Wer glaubt, dass Podcasts „Schnee von gestern“ sind, irrt. Denn vor allem junge Menschen bis 30 Jahre nutzen die Beiträge gern, um an Informationen zu kommen. „Bei uns am Lehrgang entstehen gerade zwei Master-Thesen über den Einsatz von Podcasts im Unterricht“, sagt Andrea Schlager, Leiterin des Masterstudiengangs E-Education – E-Learning und Social-Media-Learning. Dessen Hauptziel ist es, den Studierenden praktische und theoretische Kompetenzen im Umgang mit neuen Medien für das Lehren und Lernen in verschiedenen pädagogischen Einsatzbereichen zu vermitteln. „Was einen guten Podcast ausmacht, ist weniger die Technik als vielmehr das Storytelling, dass man authentisch ist und keine Larifari-Inhalte präsentiert“, sagt Schlager. Charakteristisch für das Studienangebot, das als Masterprogramm zwei Jahre und als Certified Program ein Jahr dauert, ist der interdisziplinäre Zugang. Er ermöglicht, dass die Studierenden E-Learning, Blended Learning und Online-Lernen aus der Perspektive verschiedener wissenschaftlicher Disziplinen behandeln und diskutieren.

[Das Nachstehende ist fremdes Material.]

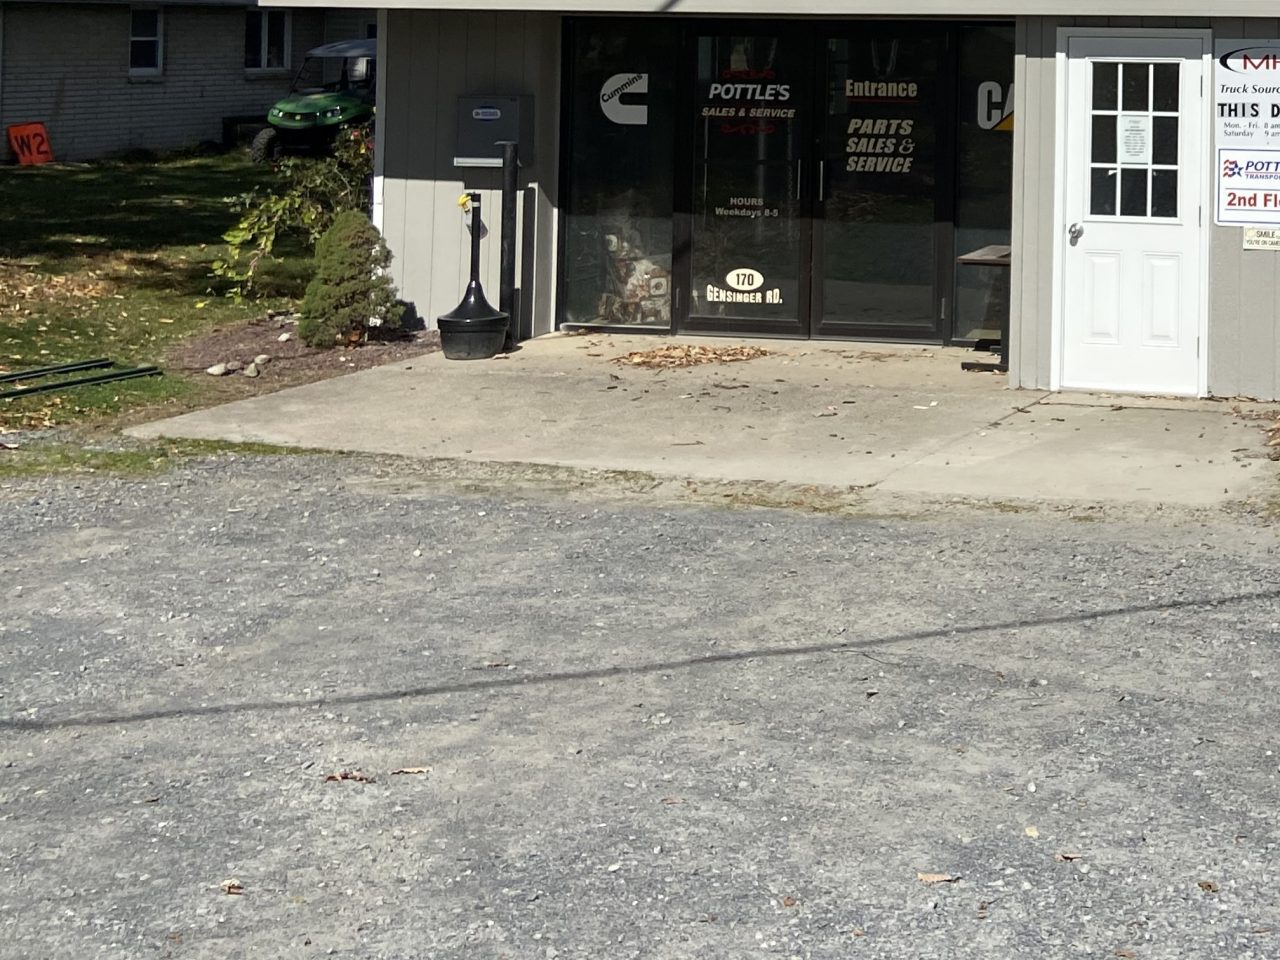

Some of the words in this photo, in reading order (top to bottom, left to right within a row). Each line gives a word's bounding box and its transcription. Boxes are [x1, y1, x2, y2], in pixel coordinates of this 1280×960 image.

„Heute befinden wir uns bei Podcasts im Lernumfeld in der Konsolidierungsphase“, sagt Martin Ebner. Er leitet das Department Lehr- und Lerntechnologien an der TU Graz. Das Wichtigste bei einem Podcast: der Ton. „Die Bildqualität muss nicht ganz so optimal sein.“ Was bedeutet: Heute wird sowohl bei Audio- als auch bei Videoangebot von Podcast gesprochen. „Für Interviews und Geschichten genügt ein Audiopodcast. Will man in Chemie ein Experiment zeigen, geht das ohne Bild nicht.“ Deshalb gebe es bei Lern-Podcasts tendenziell eine Aufteilung zwischen Geistes- (Audio) und Naturwissenschaften (Video).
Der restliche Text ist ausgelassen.